**AIM OF THE TASK**
Print the whole listing exactly as it appears, but skip the pictures.

**SOURCE DATA**
-------

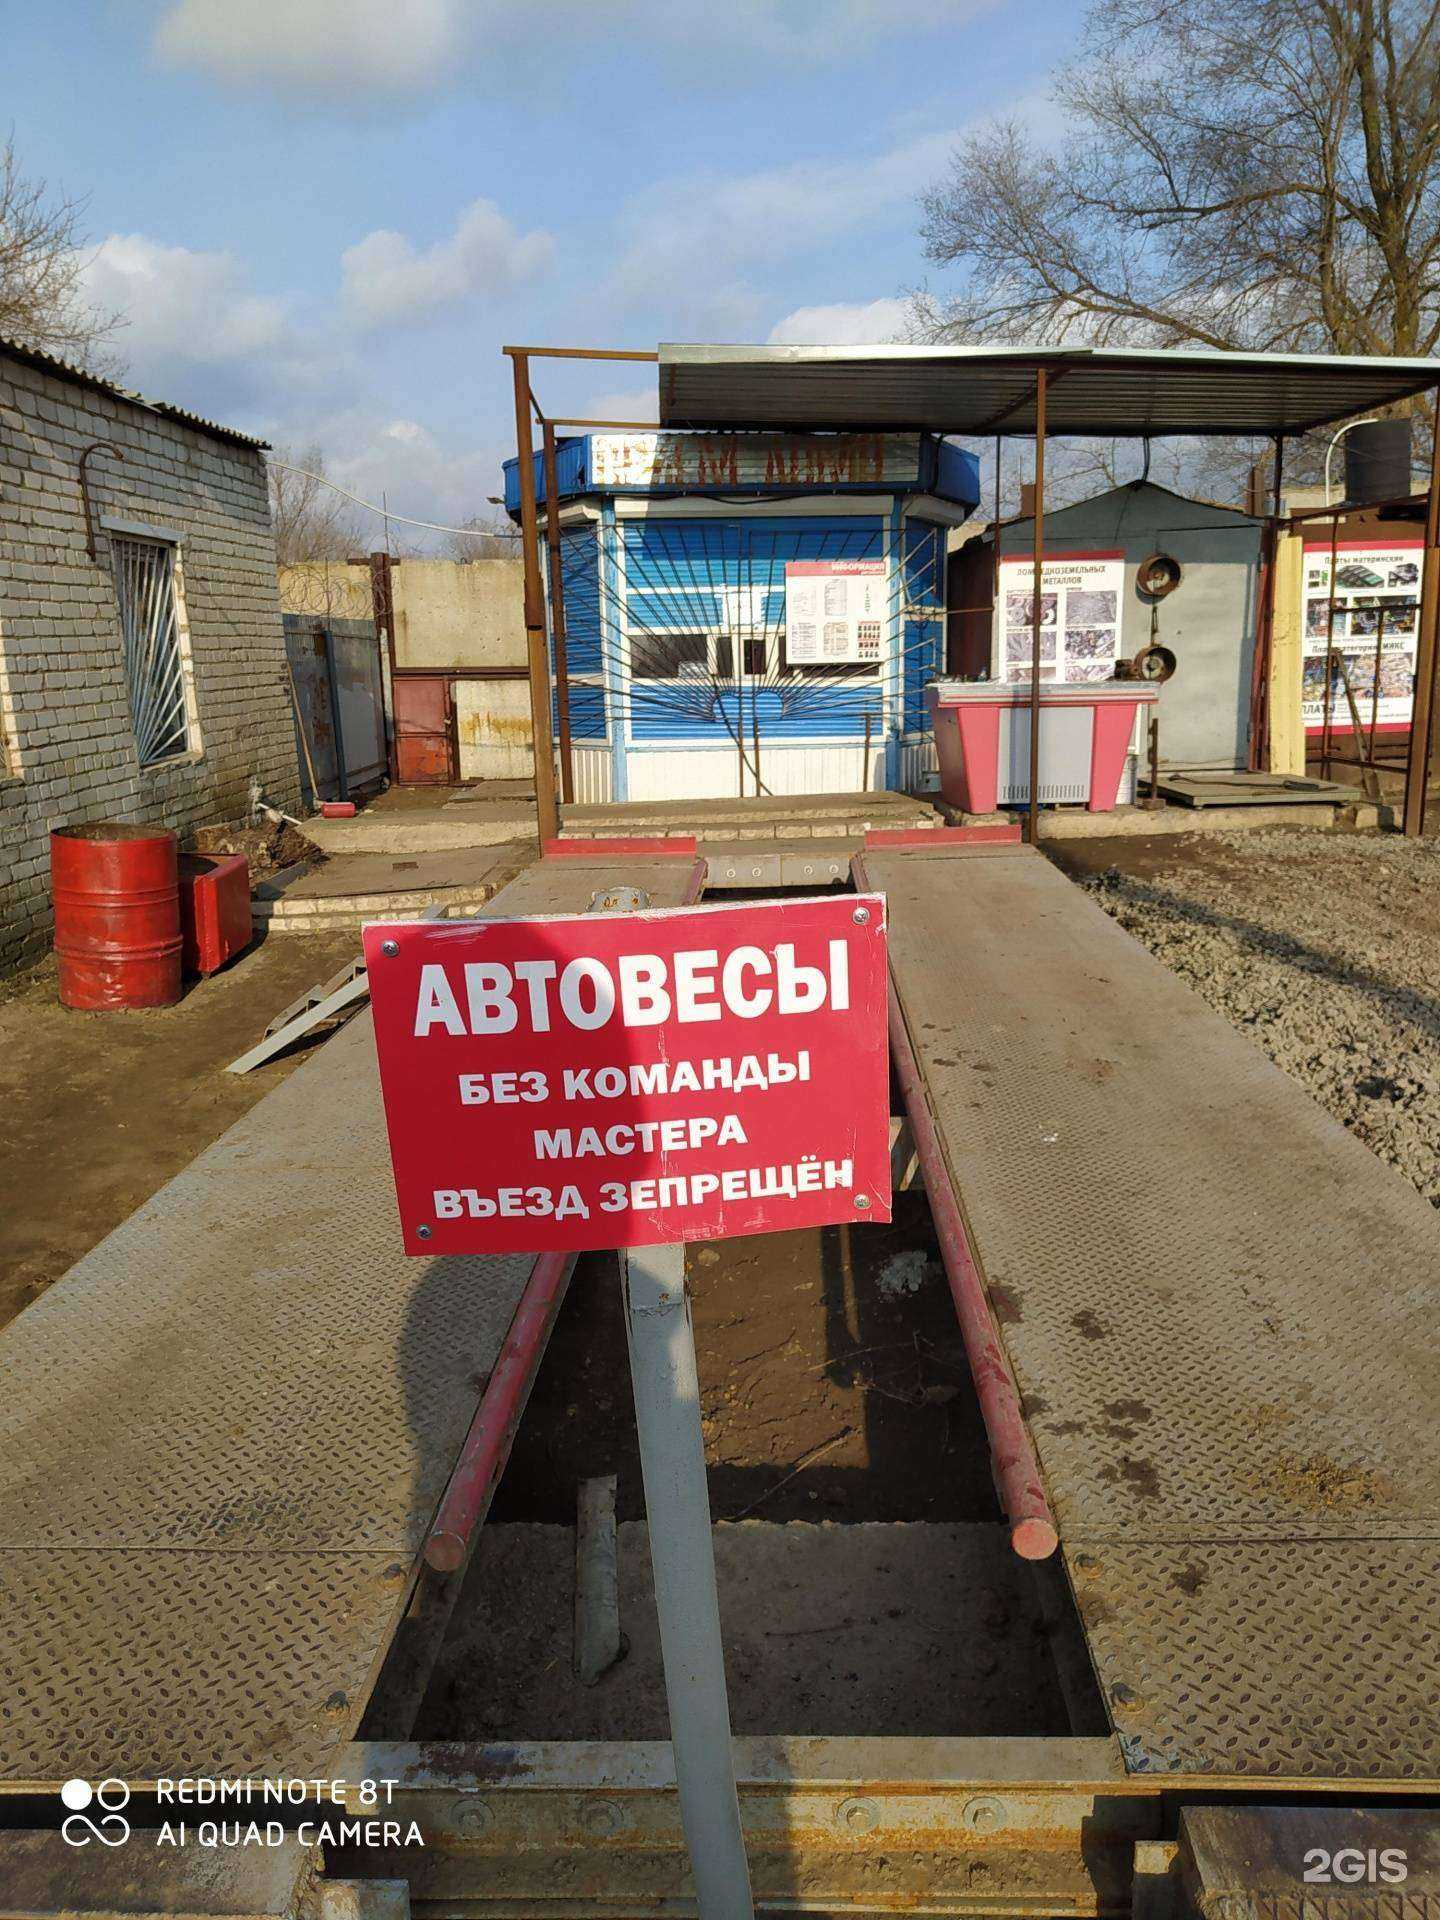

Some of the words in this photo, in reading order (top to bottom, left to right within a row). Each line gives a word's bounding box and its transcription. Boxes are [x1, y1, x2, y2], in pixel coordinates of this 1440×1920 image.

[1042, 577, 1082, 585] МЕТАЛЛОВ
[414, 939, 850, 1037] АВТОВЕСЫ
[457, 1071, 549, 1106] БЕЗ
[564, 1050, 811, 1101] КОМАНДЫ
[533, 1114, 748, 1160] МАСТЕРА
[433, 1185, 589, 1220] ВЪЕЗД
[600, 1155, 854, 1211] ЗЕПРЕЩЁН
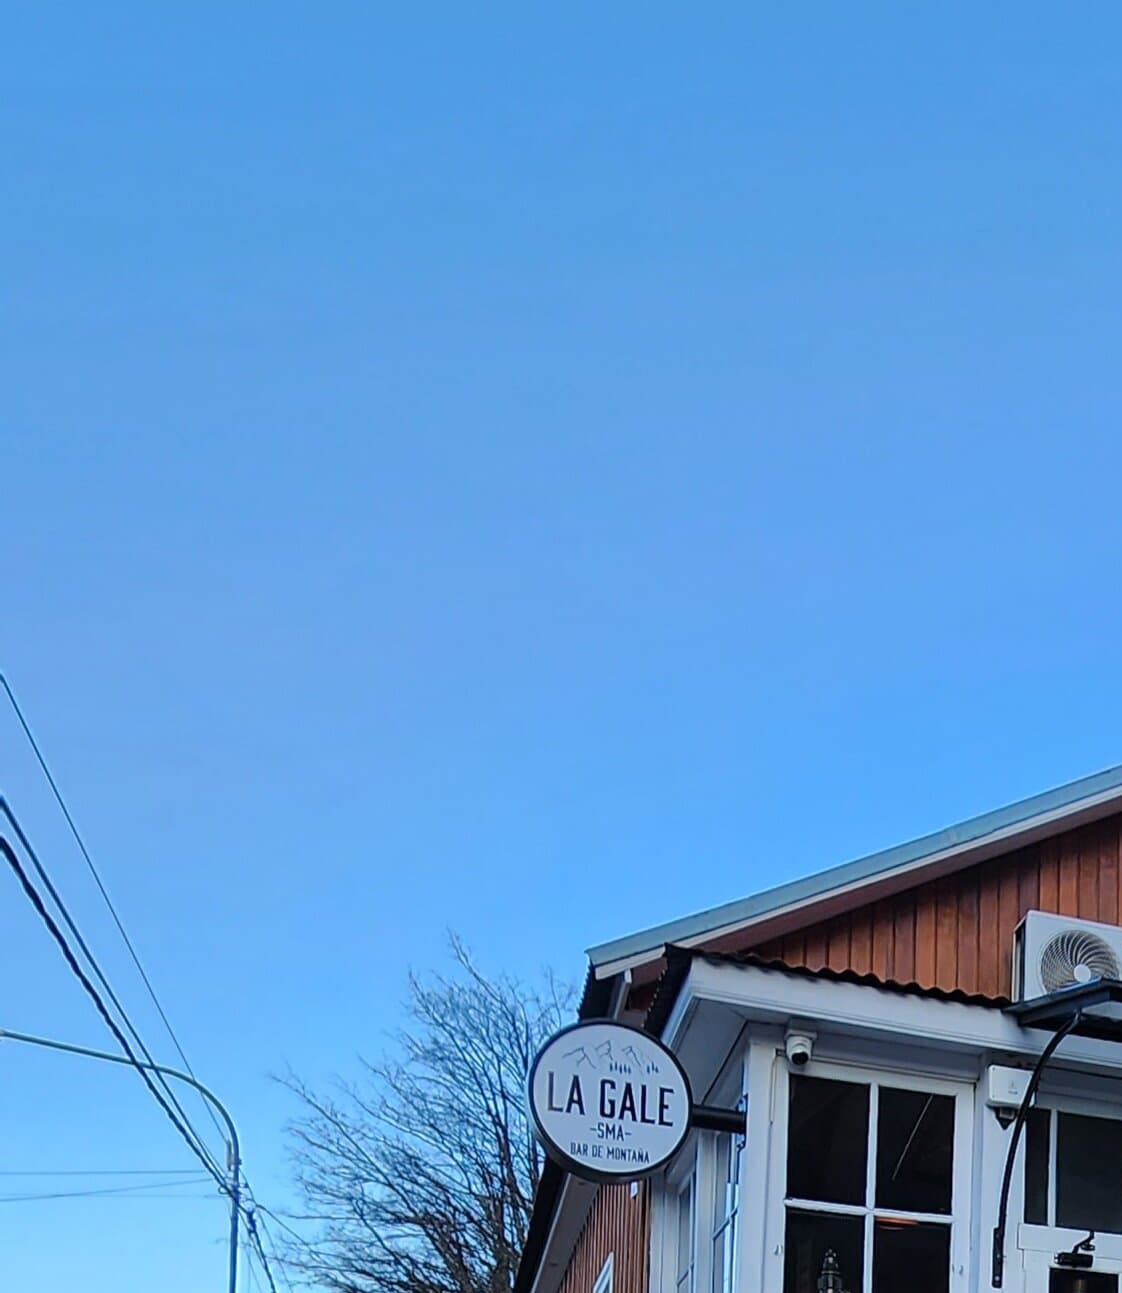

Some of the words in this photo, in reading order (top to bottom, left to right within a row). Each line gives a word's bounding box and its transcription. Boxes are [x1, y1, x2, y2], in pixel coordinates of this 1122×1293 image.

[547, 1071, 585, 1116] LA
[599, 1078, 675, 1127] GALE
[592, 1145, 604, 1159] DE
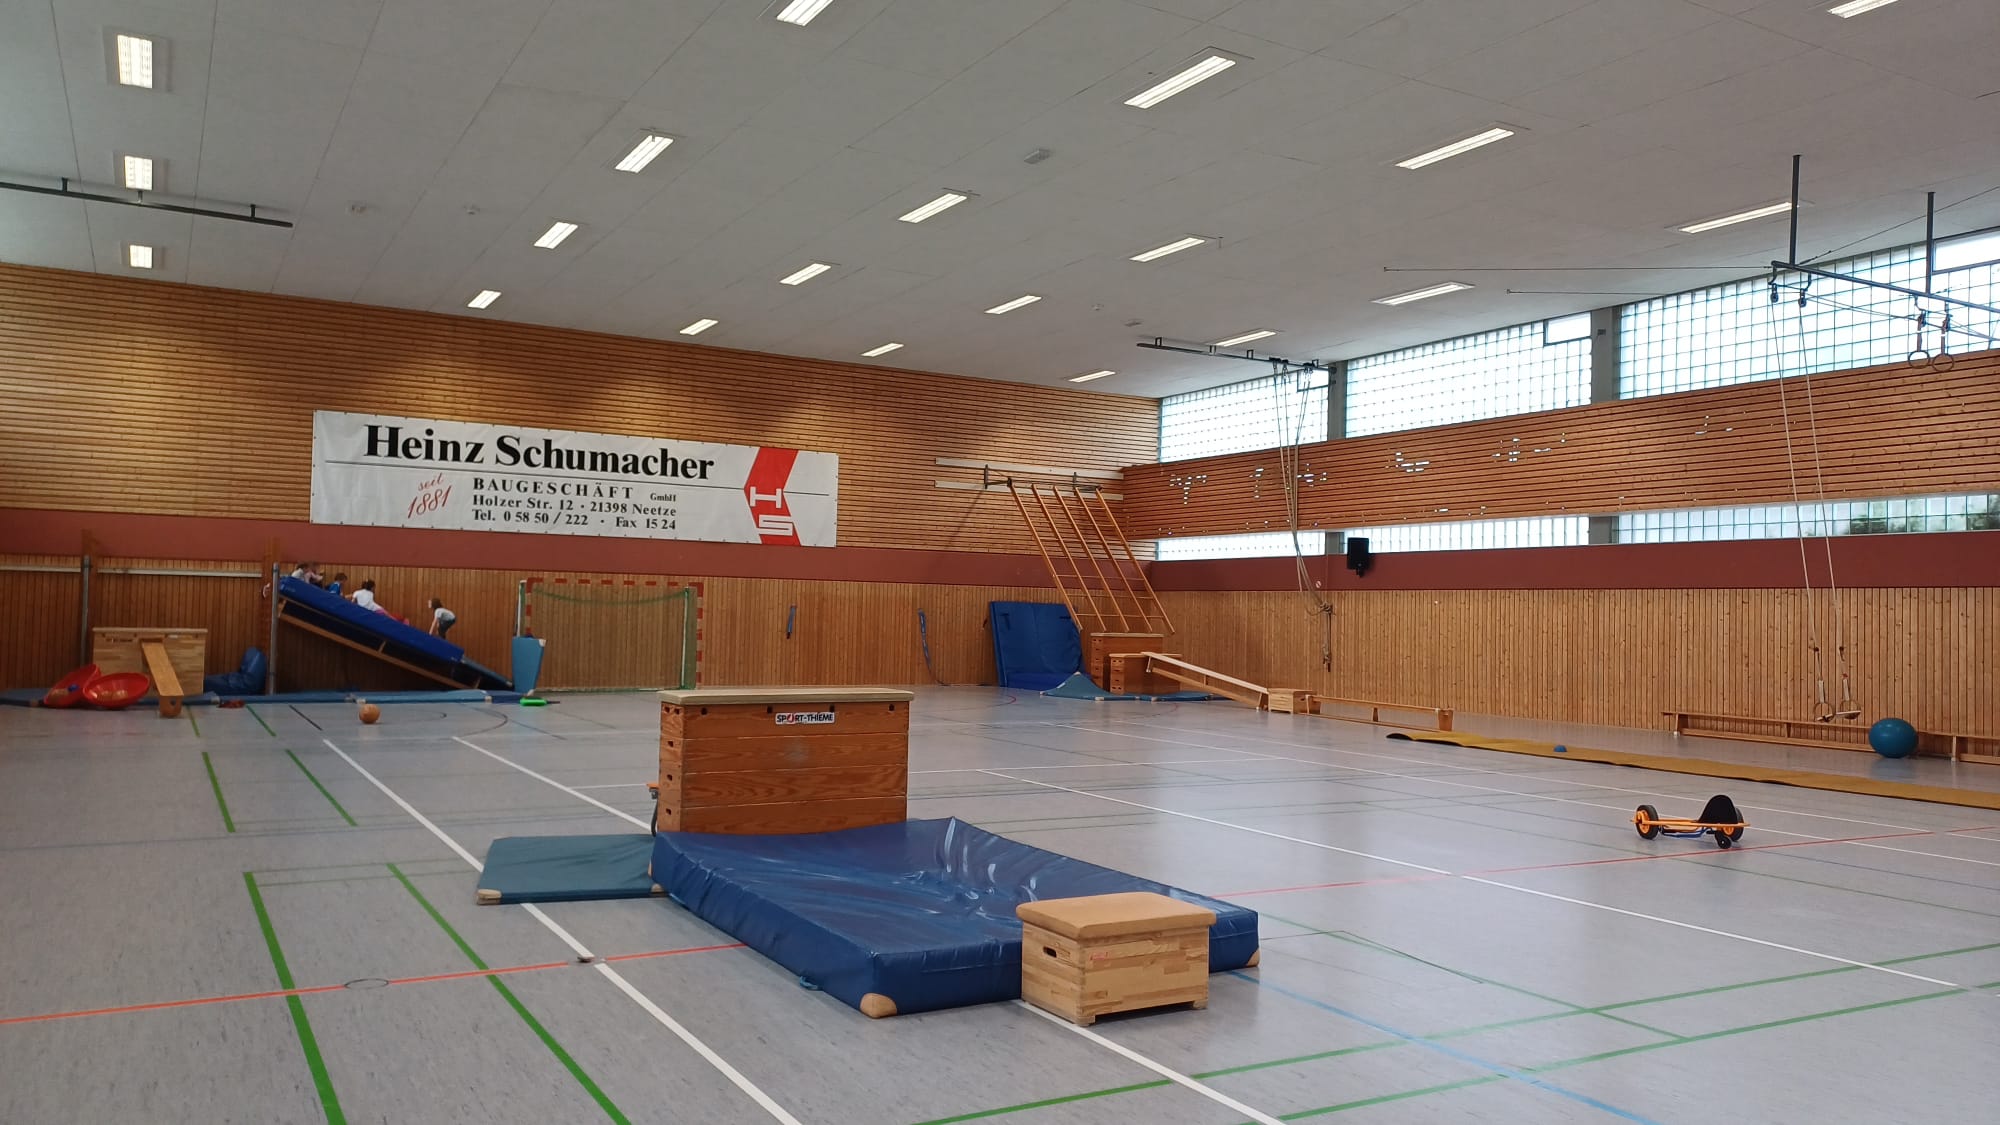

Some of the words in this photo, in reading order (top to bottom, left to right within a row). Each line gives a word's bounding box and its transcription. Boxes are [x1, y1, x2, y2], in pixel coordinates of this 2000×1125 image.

-------

**ANSWER TO THE PROBLEM**
Some of the words in this photo, in reading order (top to bottom, left to right within a row). Each line gives a word's bounding box and its transcription. Boxes are [x1, y1, x2, y2], in pixel coordinates of this 1440×1920 image.

[1042, 577, 1082, 585] МЕТАЛЛОВ
[414, 939, 850, 1037] АВТОВЕСЫ
[457, 1071, 549, 1106] БЕЗ
[564, 1050, 811, 1101] КОМАНДЫ
[533, 1114, 748, 1160] МАСТЕРА
[433, 1185, 589, 1220] ВЪЕЗД
[600, 1155, 854, 1211] ЗЕПРЕЩЁН

Some of the words in this photo, in reading order (top to bottom, left to right within a row). Each line gives a word's bounding box and its transcription. Boxes are [x1, y1, x2, y2], in pixel coordinates of this 1122×1293 image.

[547, 1071, 585, 1116] LA
[599, 1078, 675, 1127] GALE
[592, 1145, 604, 1159] DE

Some of the words in this photo, in reading order (top to bottom, left to right within a row). Each line gives a word's bounding box and its transcription. Boxes are [x1, y1, x2, y2], in pixel coordinates of this 2000×1125 image.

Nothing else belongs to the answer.